This is exactly the way that it does not work. 

Furthermore, You definitely also need this:
`define(`confCACERT_PATH', `/etc/ssl/certs')dnl`
Otherwise verification of your clients cannot succeed ("self signed cert encountered in tree"), because the actual CA root certs are nowhere in the live environment. (They are either in the system path /etc/ssl/certs or in the ca_root_nss.)

Lets clarify this a bit more: there are four different verifications done:
1. host A (client) connects to host B (server). Host A authenticates, host B verifies.
2. host A (client) connects to host B (server). Host B authenticates, host A verifies.
3. host B (client) connects to host A (server). Host A authenticates, host B verifies.
4. host B (client) connects to host A (server). Host B authenticates, host A verifies.

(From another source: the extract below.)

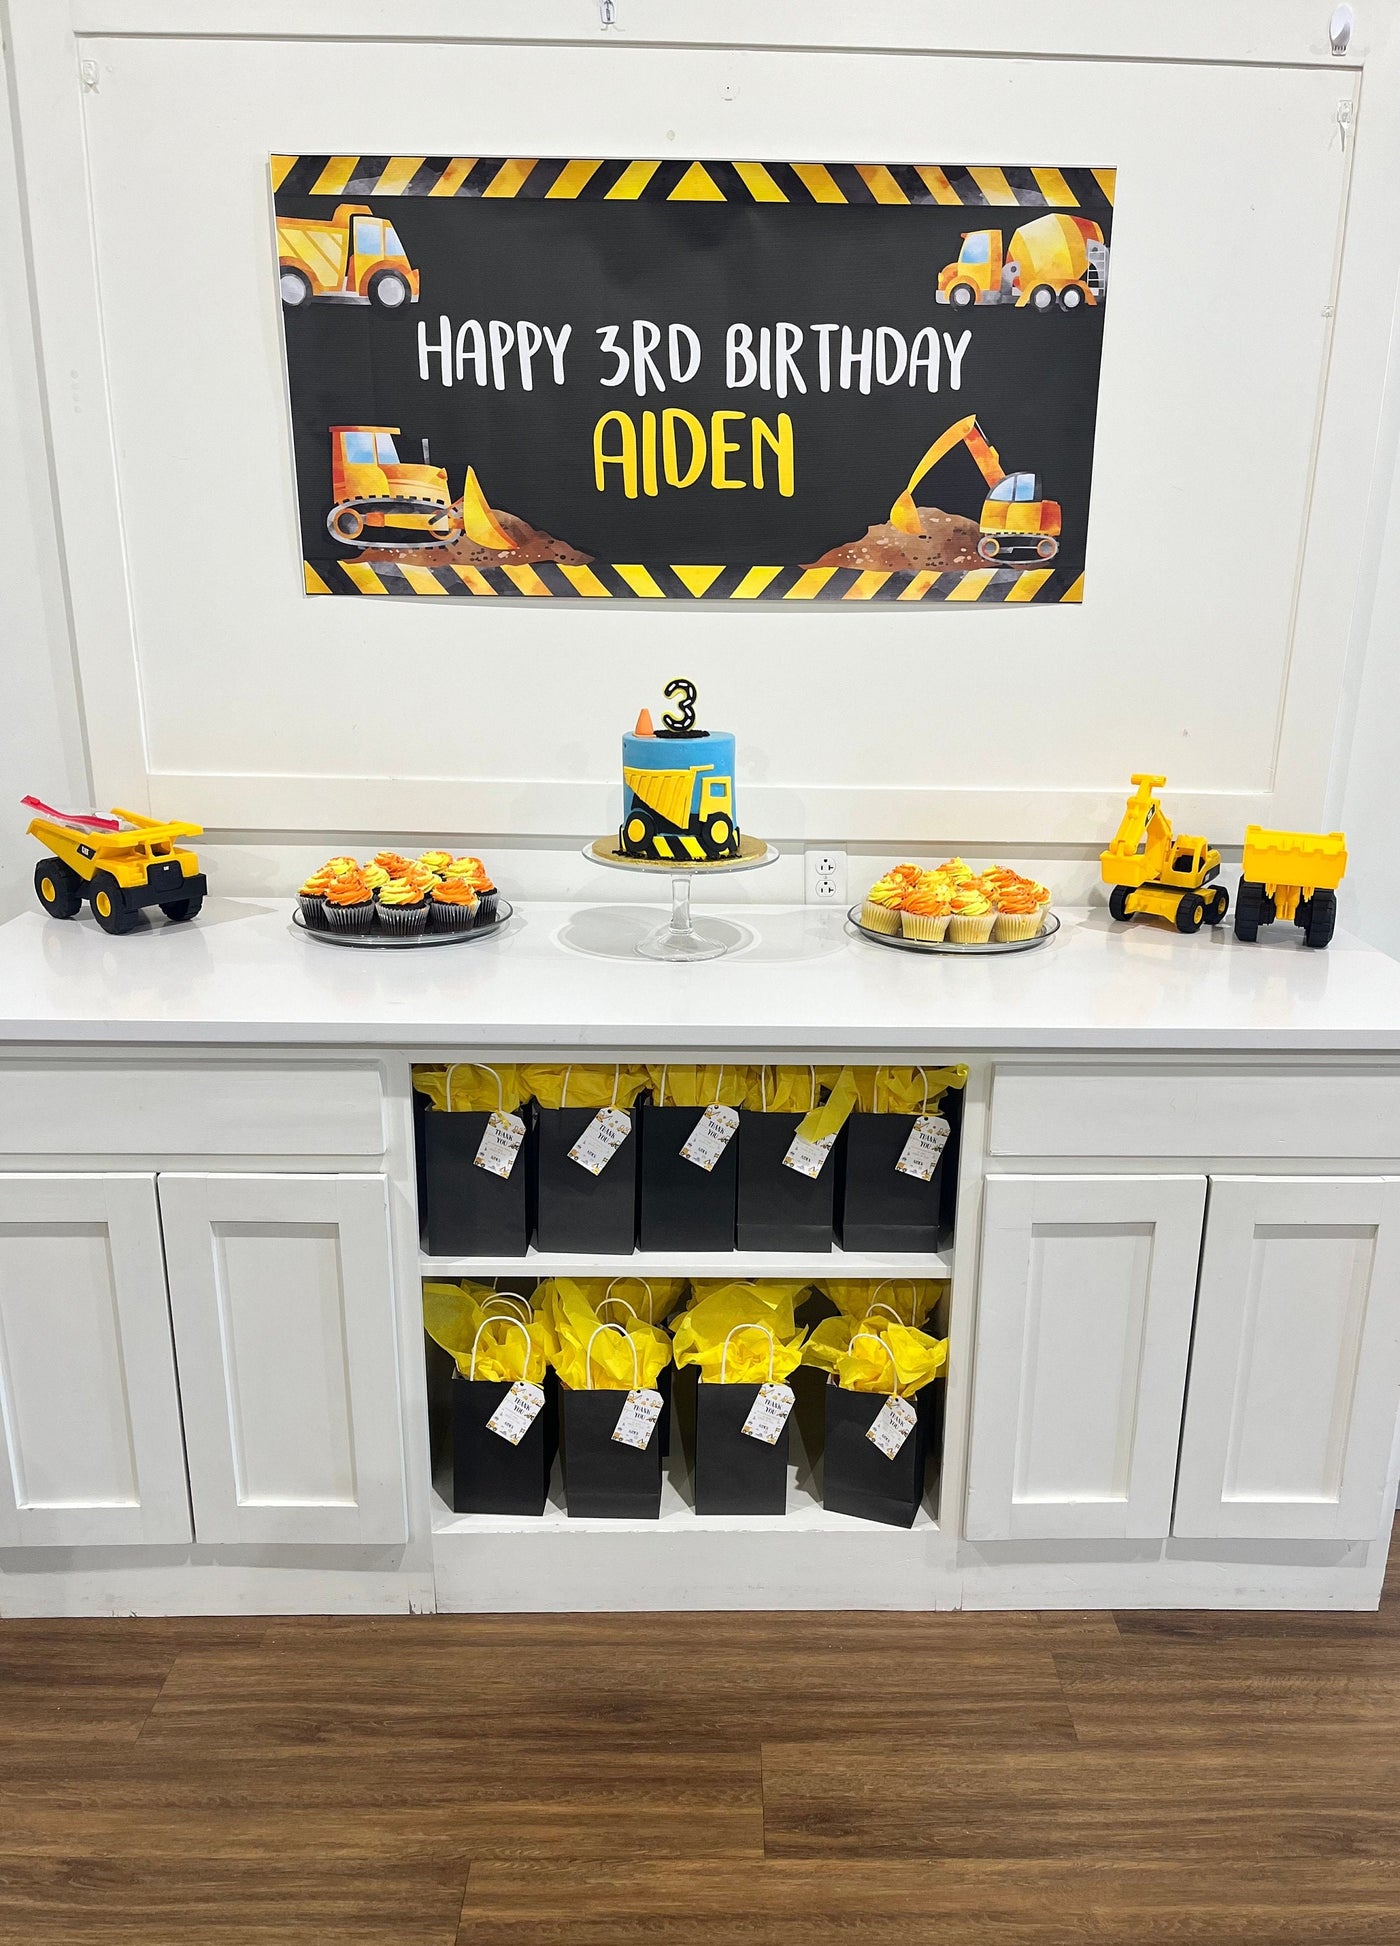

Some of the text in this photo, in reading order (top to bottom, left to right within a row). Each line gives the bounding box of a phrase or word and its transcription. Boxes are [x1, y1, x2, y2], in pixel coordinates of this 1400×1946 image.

[417, 314, 973, 399] HAPPY 3RD BIRTHDAY
[593, 407, 795, 500] AIDEN
[662, 678, 698, 732] 3

And I seem to be the only person who expects all four of them to be OK (with Let'sEncrypt certs on both sides).
There appears to be a bug in openssl 1.1.1n; I can reproduce the verification failure with `openssl s_client`.


----------



## PMc (Apr 29, 2022)

hruodr said:


> Either client:
> 
> Or server:


Both at the same time.


----------



## drhowarddrfine (Apr 29, 2022)

DutchDaemon said:


> Just link to the live environment of LetsEncrypt from your .mc file:


Yep. This is what I do.


----------



## PMc (Apr 30, 2022)

You can test Your installation: 

have Your mailserver running. Then run this command and see what happens:
`openssl s_client -connect <your-mailserver>:25 -starttls smtp -CAfile <your confCACERT> -chainCAfile <your confCACERT> -key <your confCLIENT_KEY> -cert <your confCLIENT_CERT> -CApath /etc/ssl/certs -chainCApath /etc/ssl/certs`


----------



## hruodr (Apr 30, 2022)

PMc said:


> Both at the same time.


Did you try try that? How it works?

Does it receive (as server) mails to relay them (as client) all to another same server?
Then all mails relied appear to be from the same address on the second server?


----------



## VladiBG (Apr 30, 2022)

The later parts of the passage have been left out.